:: Data items ::
++++++

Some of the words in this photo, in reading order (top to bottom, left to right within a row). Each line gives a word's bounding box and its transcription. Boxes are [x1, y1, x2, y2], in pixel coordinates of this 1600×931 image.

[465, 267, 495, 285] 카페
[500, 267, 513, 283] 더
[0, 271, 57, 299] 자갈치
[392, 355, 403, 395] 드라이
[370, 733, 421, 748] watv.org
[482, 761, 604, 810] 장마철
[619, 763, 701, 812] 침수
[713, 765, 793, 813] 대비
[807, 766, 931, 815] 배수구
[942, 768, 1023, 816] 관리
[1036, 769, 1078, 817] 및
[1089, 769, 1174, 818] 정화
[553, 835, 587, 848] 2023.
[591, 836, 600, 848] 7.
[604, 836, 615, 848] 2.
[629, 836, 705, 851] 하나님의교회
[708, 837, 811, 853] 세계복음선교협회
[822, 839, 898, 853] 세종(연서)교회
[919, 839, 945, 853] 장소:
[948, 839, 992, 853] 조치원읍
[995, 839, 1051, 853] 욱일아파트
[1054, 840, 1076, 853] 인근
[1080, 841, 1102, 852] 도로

++++++

:: Your objective ::
Extract all of the data above without altering anything.

:: Written response ::
Some of the words in this photo, in reading order (top to bottom, left to right within a row). Each line gives a word's bounding box and its transcription. Boxes are [x1, y1, x2, y2], in pixel coordinates of this 1600×931 image.

[465, 267, 495, 285] 카페
[500, 267, 513, 283] 더
[0, 271, 57, 299] 자갈치
[392, 355, 403, 395] 드라이
[370, 733, 421, 748] watv.org
[482, 761, 604, 810] 장마철
[619, 763, 701, 812] 침수
[713, 765, 793, 813] 대비
[807, 766, 931, 815] 배수구
[942, 768, 1023, 816] 관리
[1036, 769, 1078, 817] 및
[1089, 769, 1174, 818] 정화
[553, 835, 587, 848] 2023.
[591, 836, 600, 848] 7.
[604, 836, 615, 848] 2.
[629, 836, 705, 851] 하나님의교회
[708, 837, 811, 853] 세계복음선교협회
[822, 839, 898, 853] 세종(연서)교회
[919, 839, 945, 853] 장소:
[948, 839, 992, 853] 조치원읍
[995, 839, 1051, 853] 욱일아파트
[1054, 840, 1076, 853] 인근
[1080, 841, 1102, 852] 도로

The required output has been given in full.